*WHAT TO DO*
Lines from the one containing "Some of the words" to the end of the entries below must be reproduced exactly, with both end lines kept and no other line added.

*RECORDS SUPPLIED*
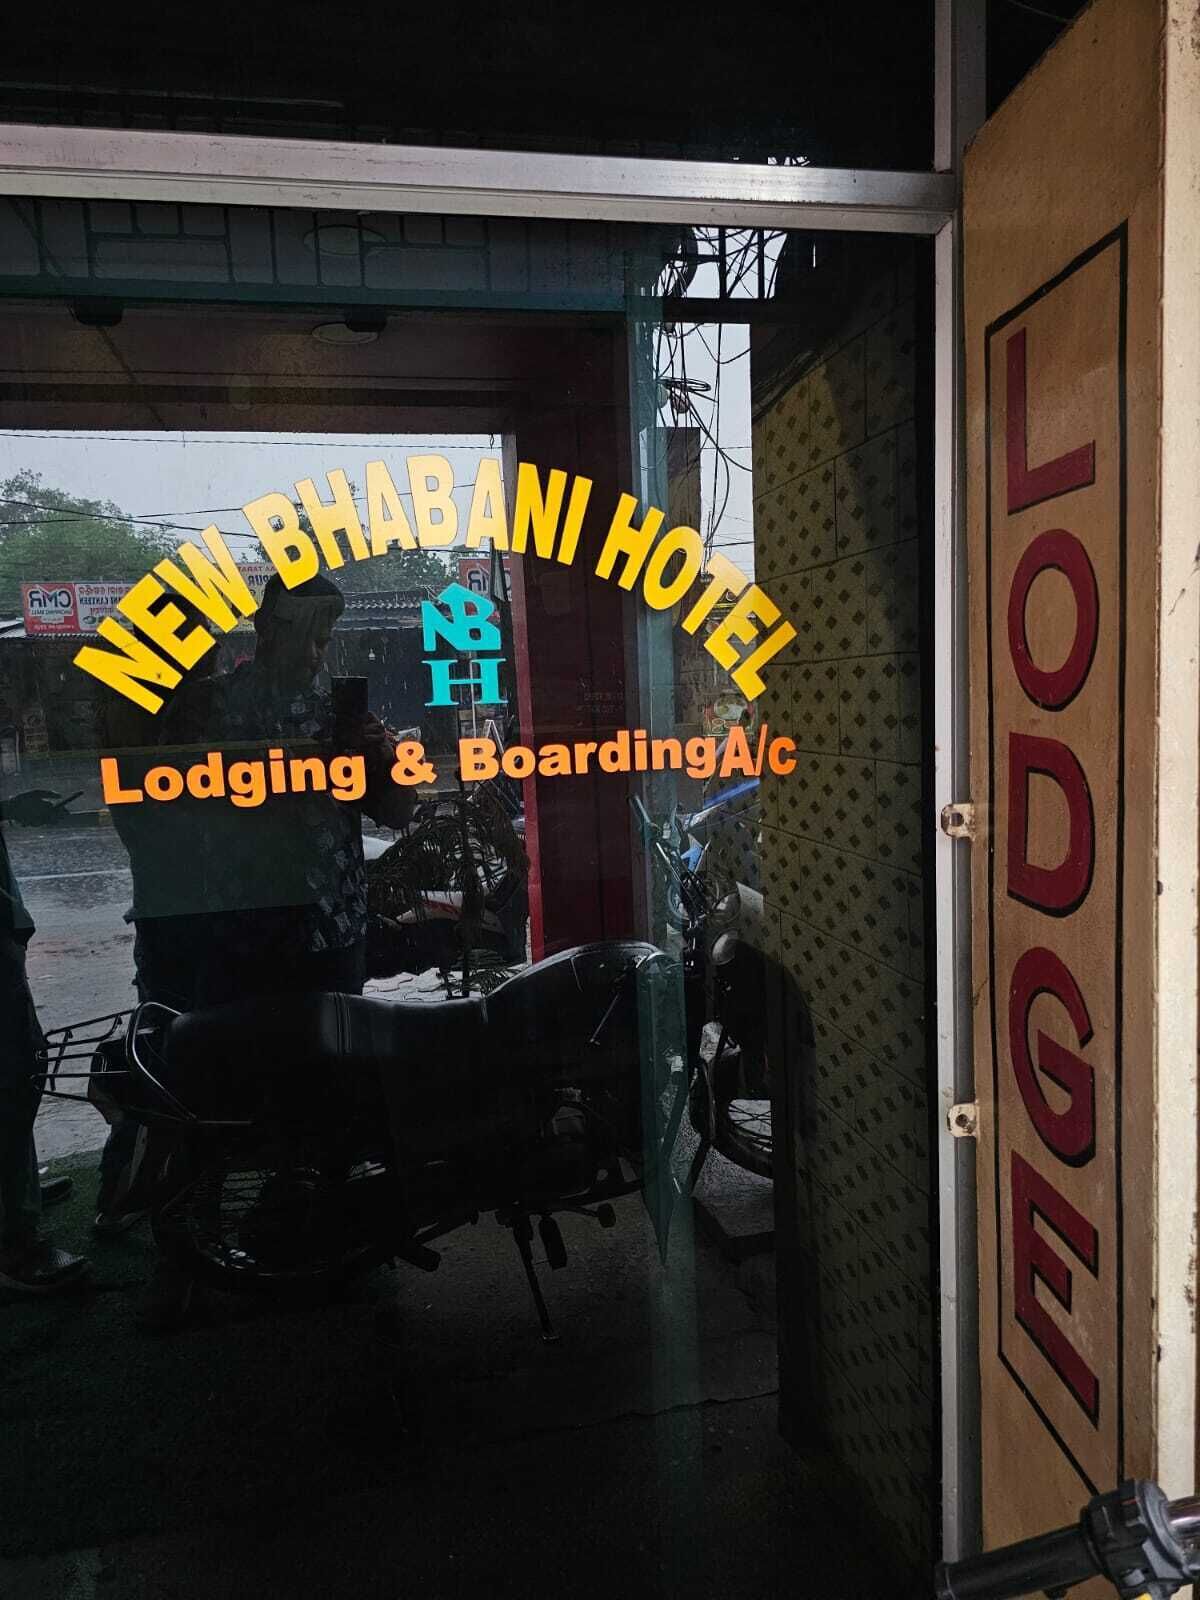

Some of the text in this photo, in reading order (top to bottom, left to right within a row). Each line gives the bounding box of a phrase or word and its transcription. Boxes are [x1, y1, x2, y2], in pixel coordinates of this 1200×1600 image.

[73, 455, 798, 715] NEW BHABANI HOTEL
[101, 750, 366, 807] Lodging
[391, 741, 437, 785] &
[1006, 326, 1099, 1429] LODGE
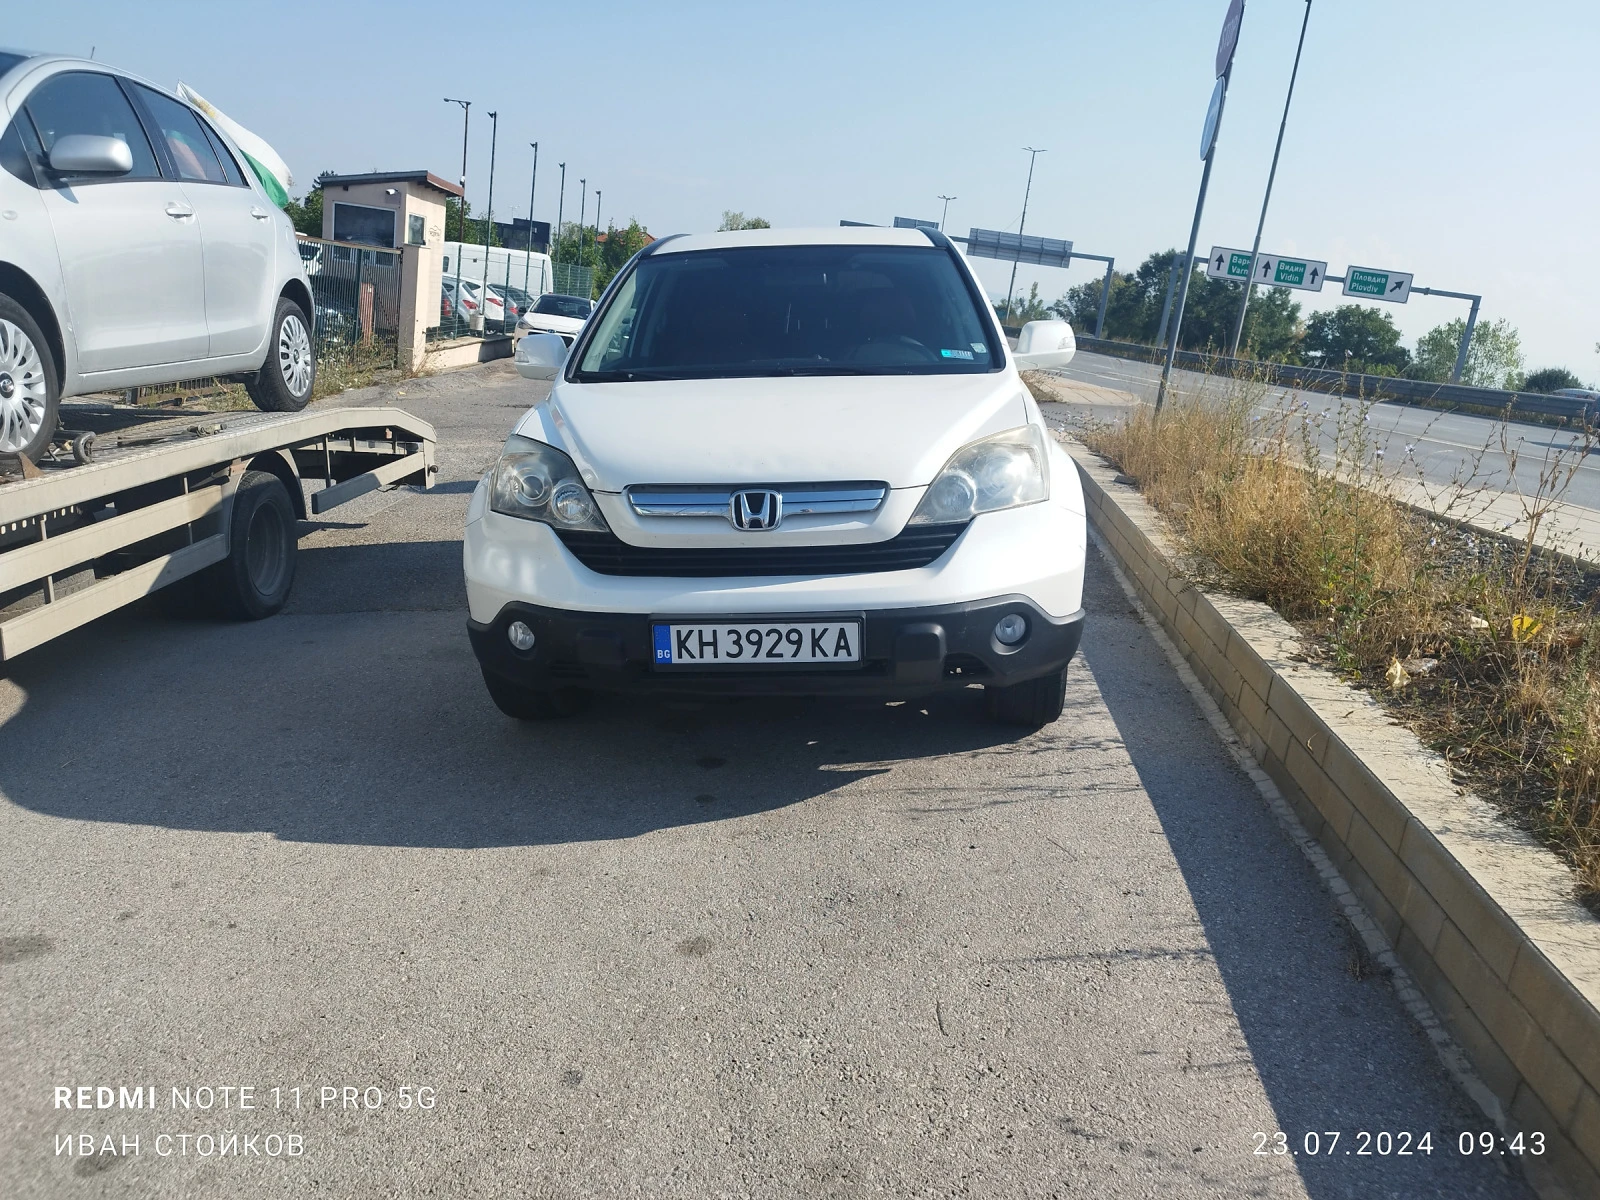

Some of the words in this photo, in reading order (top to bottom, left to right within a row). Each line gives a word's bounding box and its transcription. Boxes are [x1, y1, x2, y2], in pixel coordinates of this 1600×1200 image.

[1231, 255, 1251, 265] Варн
[1231, 265, 1249, 275] Varn
[1279, 262, 1304, 273] Видин
[1280, 272, 1299, 282] Vidin
[1353, 272, 1386, 284] Пловдив
[1351, 282, 1379, 293] Plovdiv
[657, 649, 671, 659] BG

*RESULT OF THIS TASK*
Some of the words in this photo, in reading order (top to bottom, left to right within a row). Each line gives a word's bounding box and its transcription. Boxes are [x1, y1, x2, y2], in pixel coordinates of this 1600×1200 image.

[1231, 255, 1251, 265] Варн
[1231, 265, 1249, 275] Varn
[1279, 262, 1304, 273] Видин
[1280, 272, 1299, 282] Vidin
[1353, 272, 1386, 284] Пловдив
[1351, 282, 1379, 293] Plovdiv
[657, 649, 671, 659] BG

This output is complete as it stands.